President Trump recently hosted his Ecuadorian counterpart Lenin Moreno at the White House in an effort to advance mutual economic and political ties.

During their meeting Wednesday, the two leaders discussed a possible free trade deal, military contracts as well as their mutual commitment to freedom and democracy in Latin America.

President Trump noted the U.S.-Ecuador trade deal could be based off the USMCA accord with Mexico and Canada, which he called “a great model.”

“USMCA has been very successful already,” said the president. ” The fruits are really taking place. ”

Moreno highlighted the challenges his country is still trying to overcome after years of socialist rule. He said his predecessor, Rafael Correa, made numerous mistakes in foreign affairs and economic policies, including his support for the far-left regime of Nicolas Maduro in Venezuela.

Venezuelan President Nicolas Maduro stands inside the Supreme Court in Caracas, Venezuela, Friday, Jan. 31, 2020. Maduro is at the court to give his annual presidential address. (AP Photo/Ariana Cubillos)

Moreno pointed out that closer ties with the U.S. could help Ecuador restore its economy and international ties.

“We need to remember that the USA is the main trade partner for Ecuador and this is not only in terms of trade, but because we share many common values such as the love for liberty, democracy, justice, solidarity, fraternity and the respect of human rights,” stated the Ecuadorian leader.

President Trump said the U.S. could increase the imports of agricultural goods from Ecuador, while selling military equipment and manufactured goods to the country.

Moreno also expressed hope the U.S. could help Ecuador battle drug trafficking, corruption and organized crime.
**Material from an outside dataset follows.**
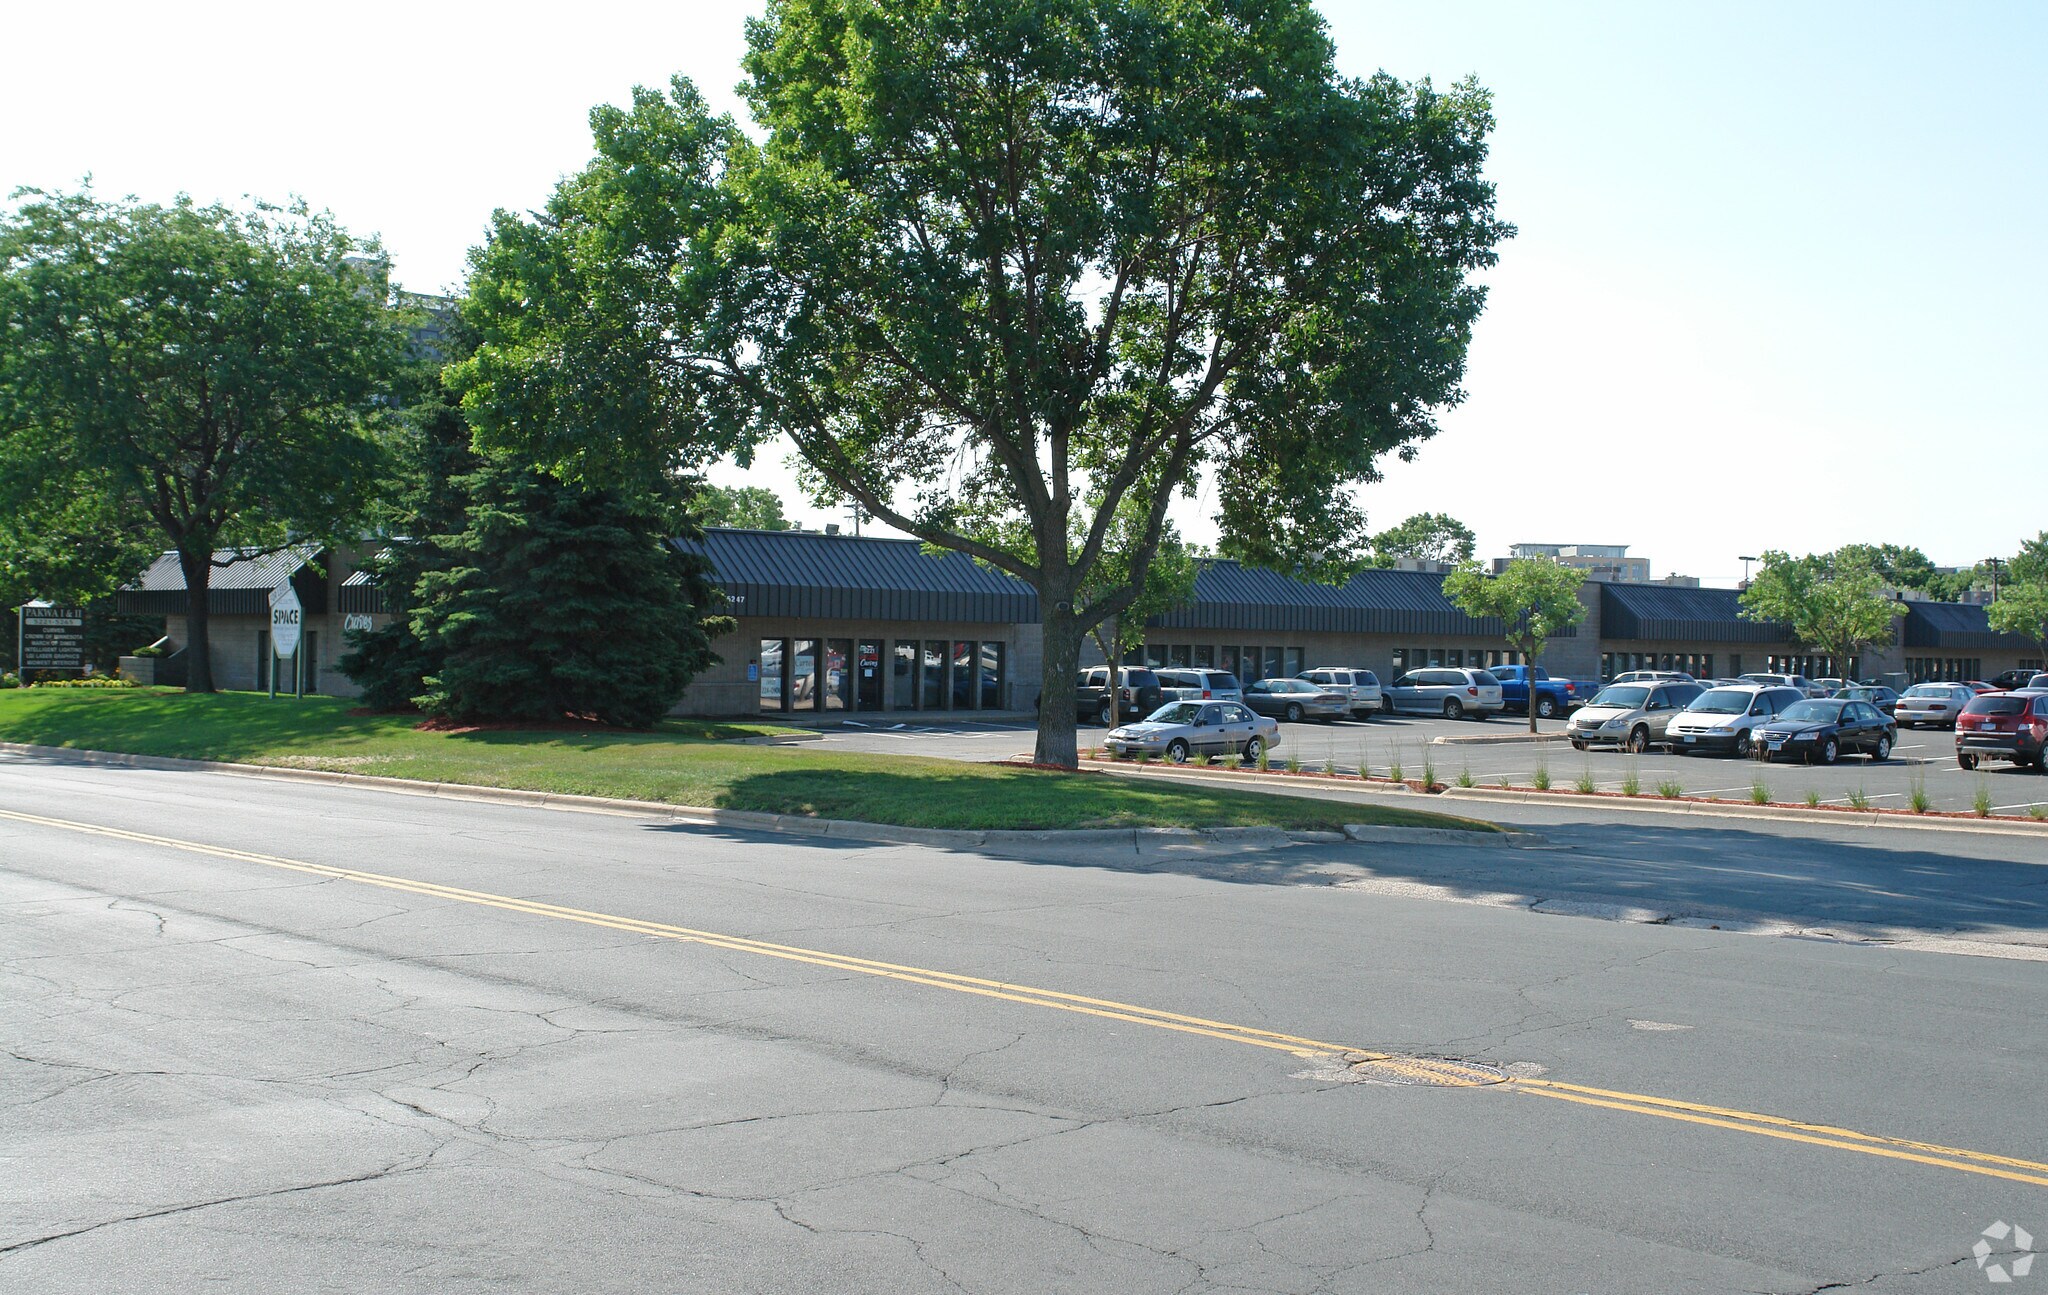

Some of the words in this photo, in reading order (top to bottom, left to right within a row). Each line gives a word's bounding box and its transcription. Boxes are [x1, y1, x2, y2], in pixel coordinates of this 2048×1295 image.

Ecuador has accepted around 400,000 Venezuelan refugees fleeing the Maduro regime in recent years and Moreno said that policy will continue.

These joint U.S.-Ecuadorian efforts could arguably improve stability, respect for human rights and boost U.S. influence in Latin America.

“Ecuador had a very unusual outlook on life, but with your great president, he realizes how important it is to get along with the United States,” said President Trump.

Critics have pointed out Moreno may be seeking U.S. support due to violent protests against his administration that are allegedly inspired by the Maduro regime. In the meantime, Ecuador remains a major recipient of U.S. foreign aid, but it’s unclear if the sides can reestablish a fair and reciprocal partnership going forward.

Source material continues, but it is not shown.